Task to complete:
Every line of the material needs an exact copy, apart from the images.

┄┄┄┄┄┄

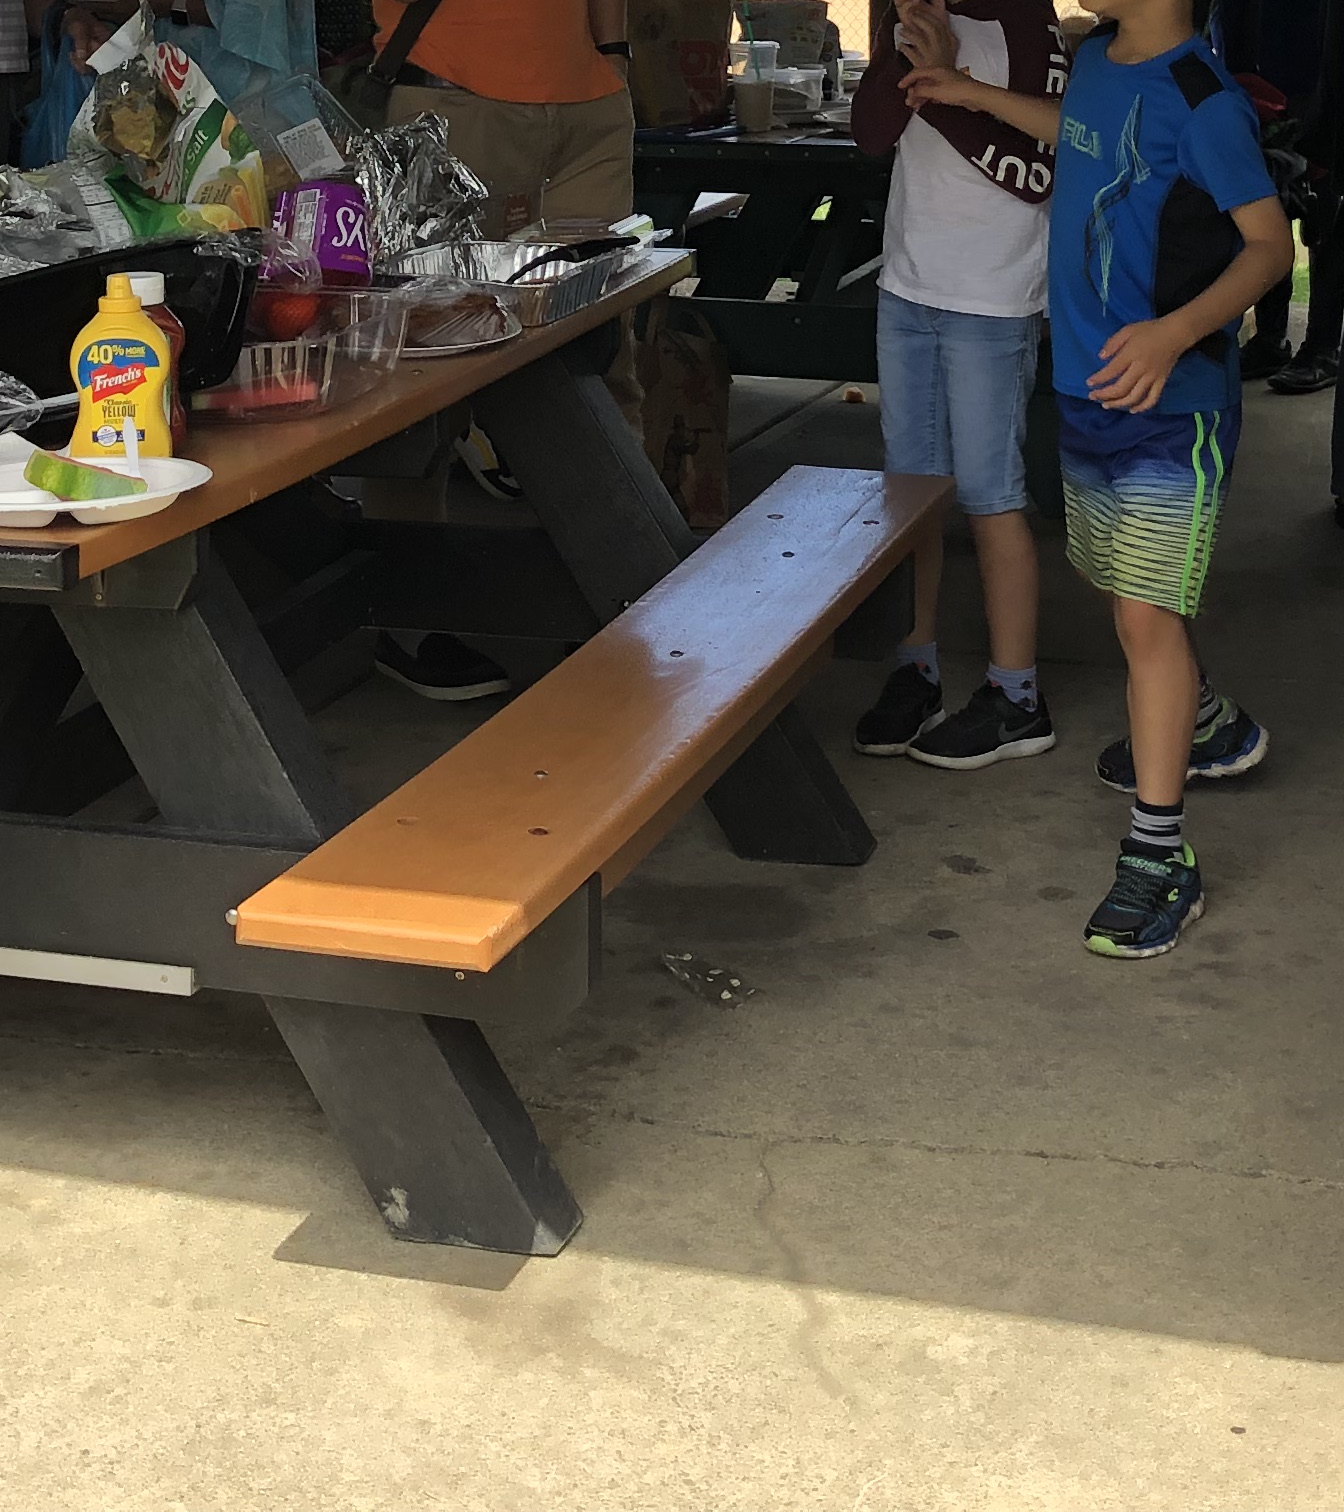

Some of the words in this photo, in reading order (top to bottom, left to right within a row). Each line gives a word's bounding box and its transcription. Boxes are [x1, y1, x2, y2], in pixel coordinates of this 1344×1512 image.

[186, 129, 209, 165] Salt
[1062, 116, 1103, 161] FILA
[87, 344, 124, 364] 40%
[94, 367, 142, 392] French's
[102, 403, 136, 418] YELLOW

┄┄┄┄┄┄

Task result:
Some of the words in this photo, in reading order (top to bottom, left to right within a row). Each line gives a word's bounding box and its transcription. Boxes are [x1, y1, x2, y2], in pixel coordinates of this 1344×1512 image.

[186, 129, 209, 165] Salt
[1062, 116, 1103, 161] FILA
[87, 344, 124, 364] 40%
[94, 367, 142, 392] French's
[102, 403, 136, 418] YELLOW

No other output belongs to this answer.